| TASK REQUIREMENTS |
Would you reproduce each of the records below precisely, with the pictures left out?

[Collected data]
#####

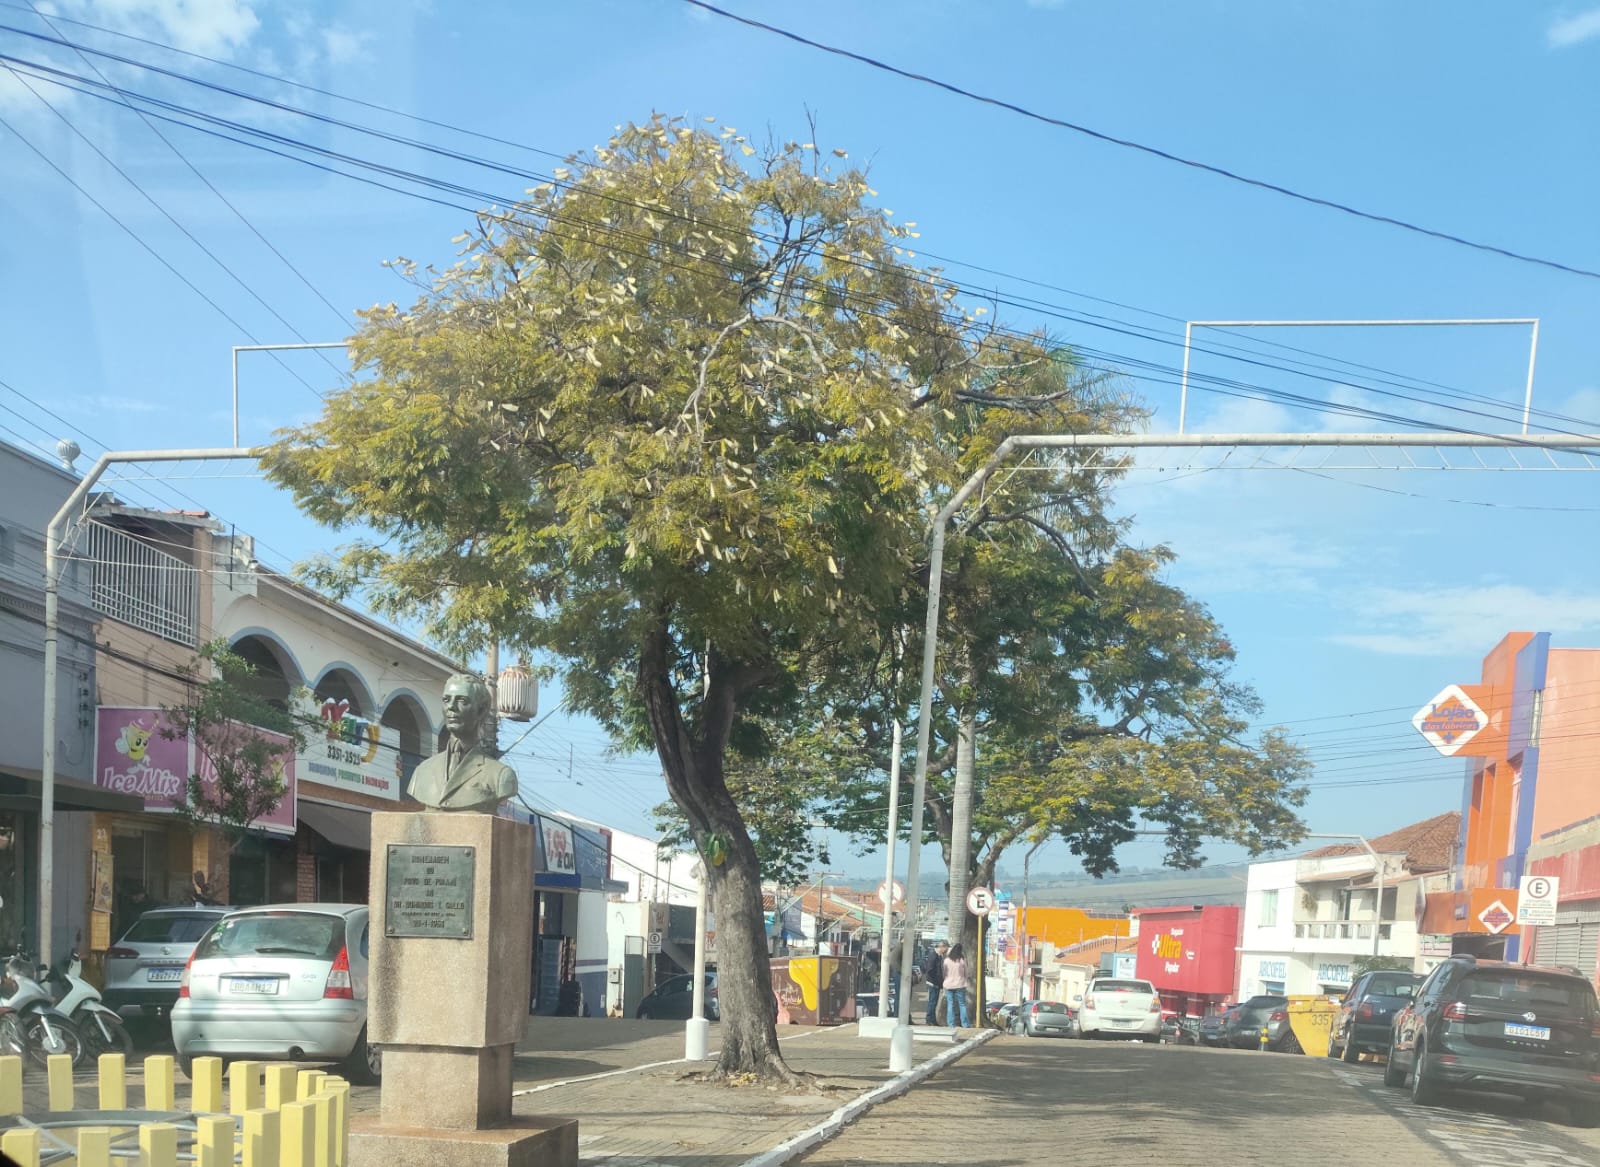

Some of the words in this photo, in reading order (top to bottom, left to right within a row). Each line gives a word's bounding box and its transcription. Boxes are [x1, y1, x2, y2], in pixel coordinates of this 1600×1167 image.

[102, 766, 137, 793] Ice
[136, 767, 180, 797] Mix
[1535, 882, 1543, 894] E
[977, 894, 985, 909] E
[1158, 934, 1182, 959] Ultra

#####

| RESULT FOR THIS TASK |
Some of the words in this photo, in reading order (top to bottom, left to right within a row). Each line gives a word's bounding box and its transcription. Boxes are [x1, y1, x2, y2], in pixel coordinates of this 1600×1167 image.

[102, 766, 137, 793] Ice
[136, 767, 180, 797] Mix
[1535, 882, 1543, 894] E
[977, 894, 985, 909] E
[1158, 934, 1182, 959] Ultra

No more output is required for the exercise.